_Extracted records_.
+ + + +

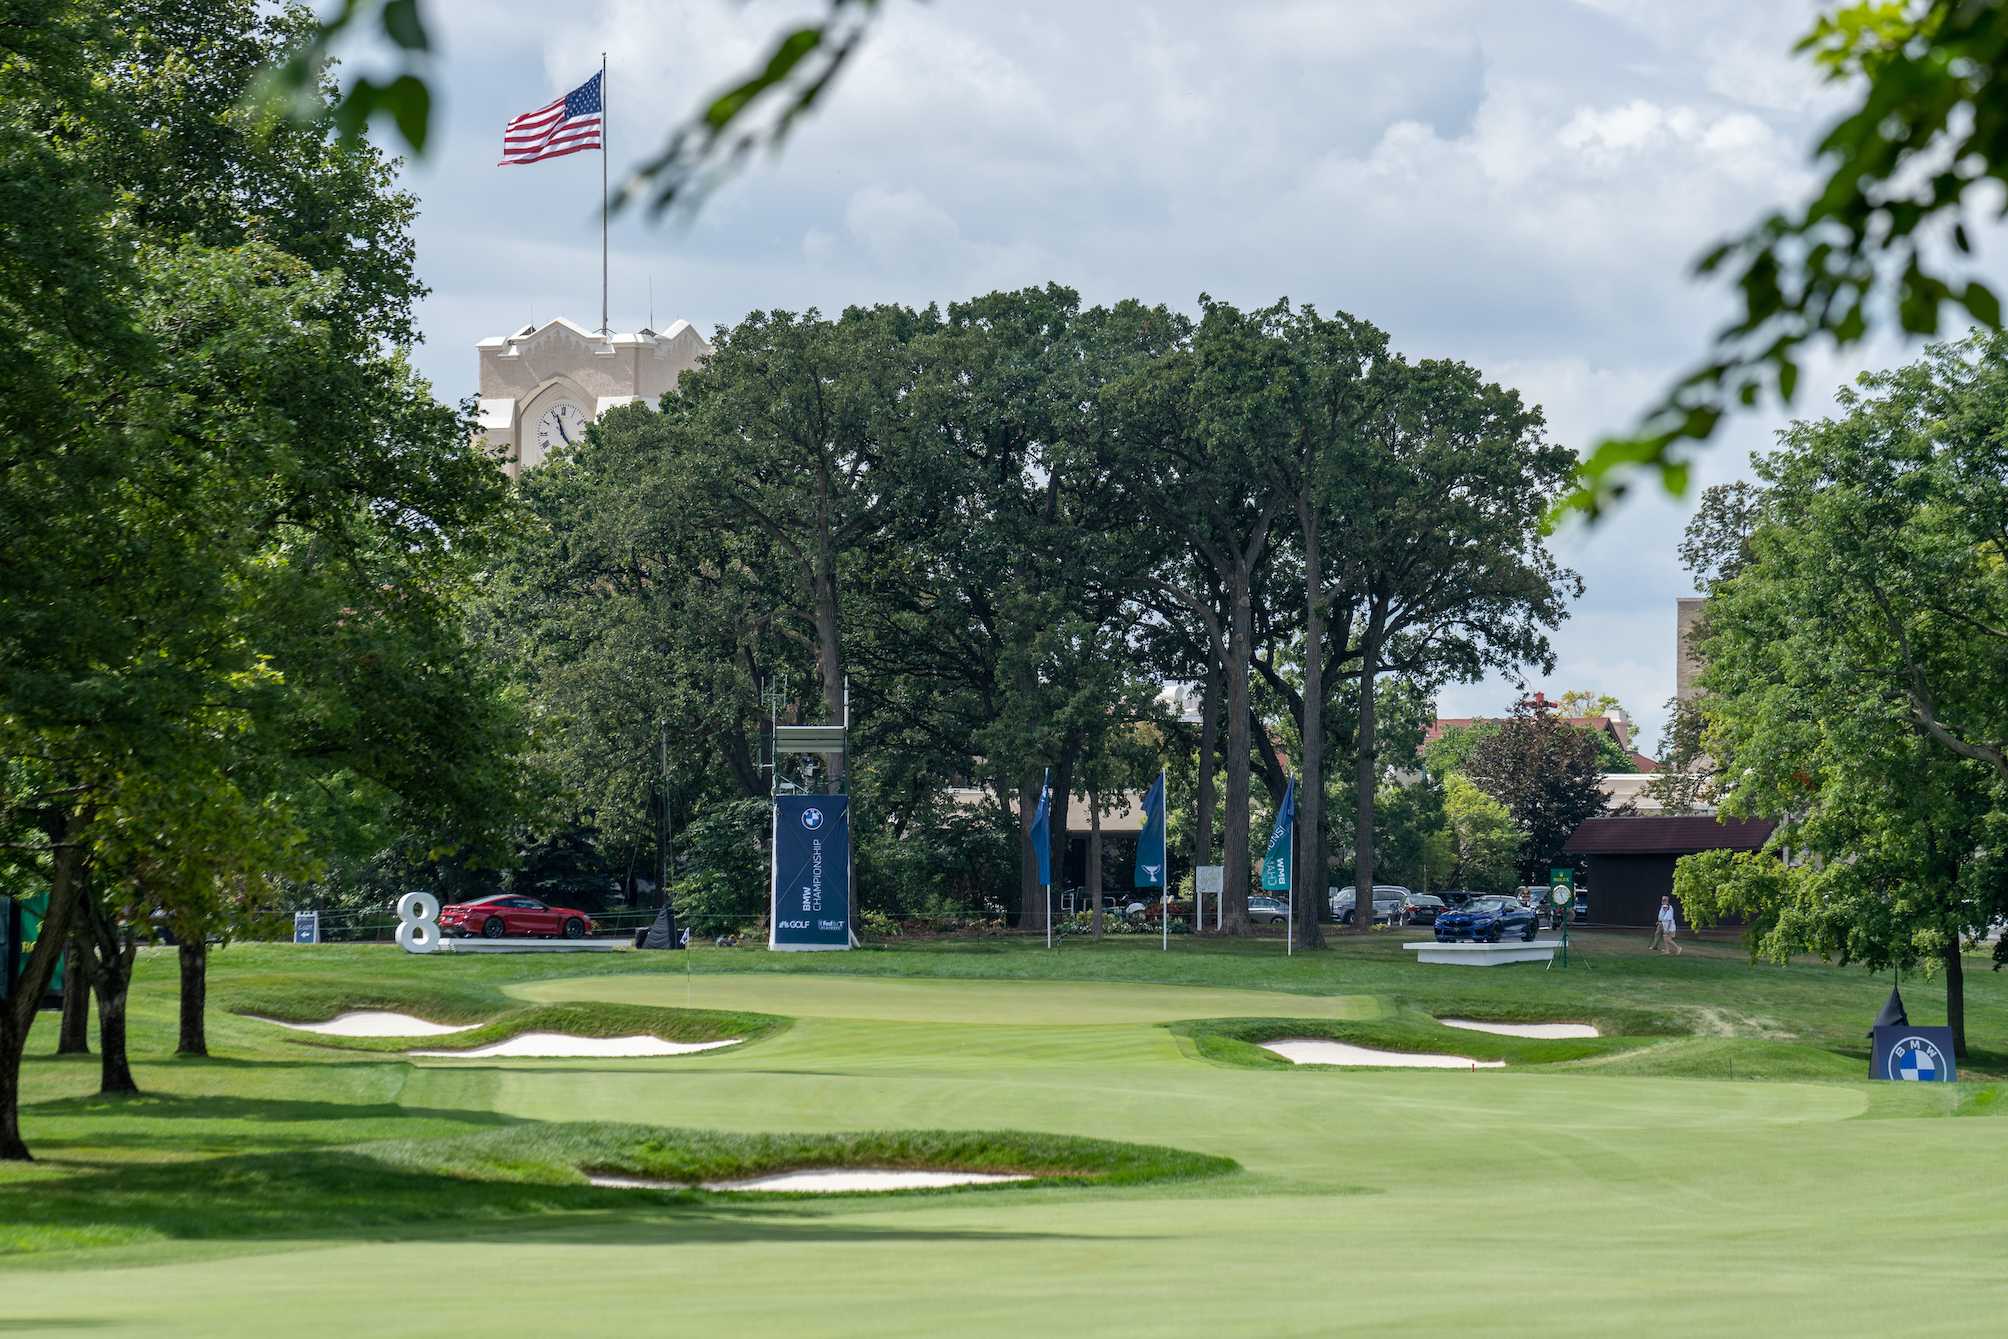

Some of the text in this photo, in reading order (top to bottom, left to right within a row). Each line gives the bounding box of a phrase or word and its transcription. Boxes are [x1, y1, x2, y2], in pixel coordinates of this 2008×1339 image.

[812, 838, 822, 911] CHAMPIONSHIP
[802, 886, 811, 912] BMW
[395, 892, 440, 953] 8
[790, 920, 810, 929] GOLF
[1895, 1040, 1937, 1058] BMW
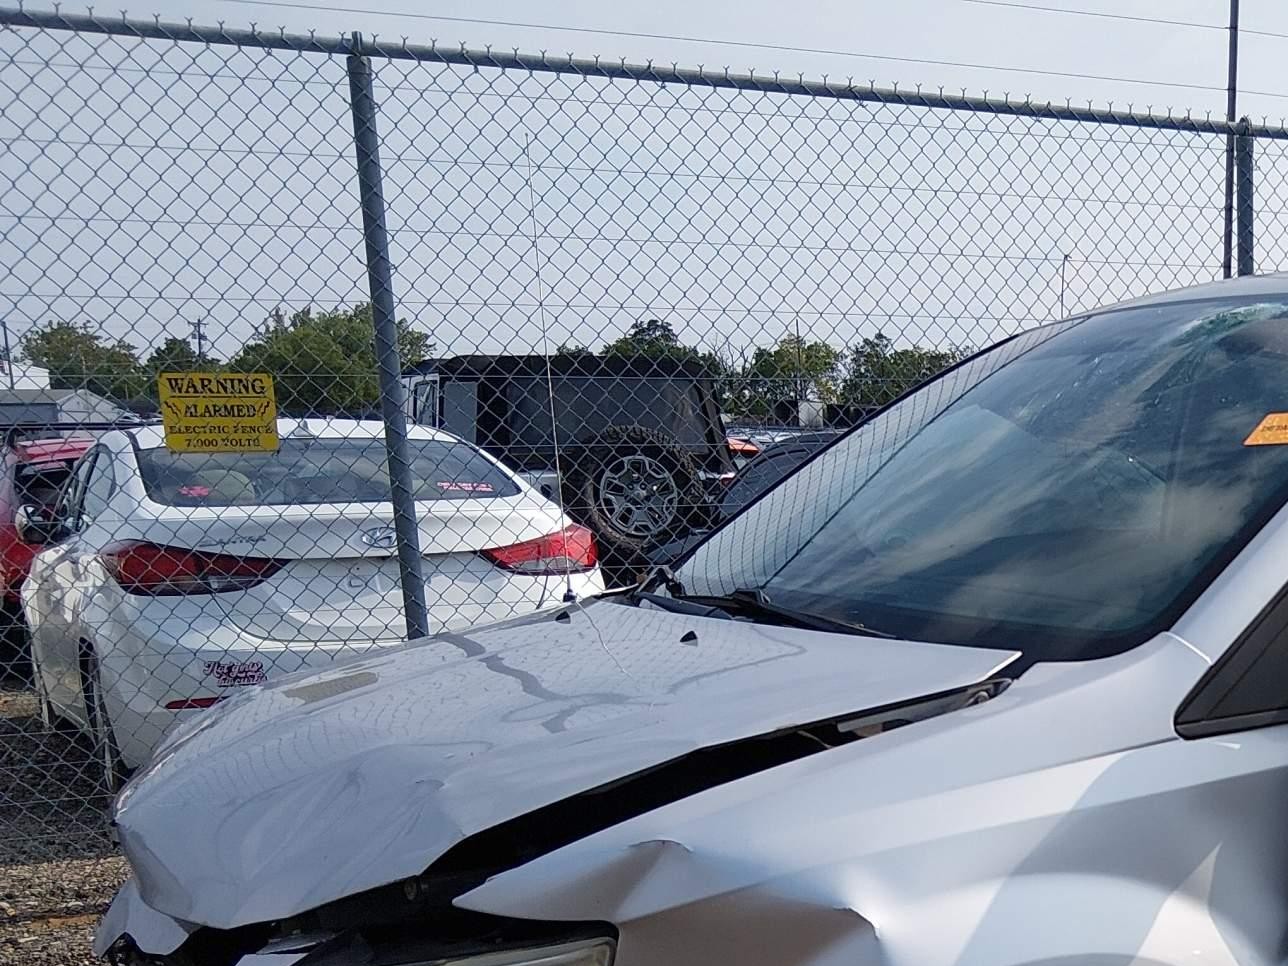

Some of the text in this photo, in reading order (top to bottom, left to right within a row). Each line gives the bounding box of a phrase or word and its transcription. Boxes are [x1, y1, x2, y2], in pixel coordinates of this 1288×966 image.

[166, 377, 266, 395] WARNING
[183, 403, 257, 418] ALARMED
[168, 424, 274, 435] ELECTRIC FENCE
[221, 438, 261, 448] VOLTS

+ + + +

Reproduce every line above exactly, pictures excluded.

_Answer section_.
Some of the text in this photo, in reading order (top to bottom, left to right within a row). Each line gives the bounding box of a phrase or word and its transcription. Boxes are [x1, y1, x2, y2], in pixel coordinates of this 2008×1339 image.

[812, 838, 822, 911] CHAMPIONSHIP
[802, 886, 811, 912] BMW
[395, 892, 440, 953] 8
[790, 920, 810, 929] GOLF
[1895, 1040, 1937, 1058] BMW

Some of the text in this photo, in reading order (top to bottom, left to right within a row). Each line gives the bounding box of a phrase or word and its transcription. Boxes are [x1, y1, x2, y2], in pixel coordinates of this 1288×966 image.

[166, 377, 266, 395] WARNING
[183, 403, 257, 418] ALARMED
[168, 424, 274, 435] ELECTRIC FENCE
[221, 438, 261, 448] VOLTS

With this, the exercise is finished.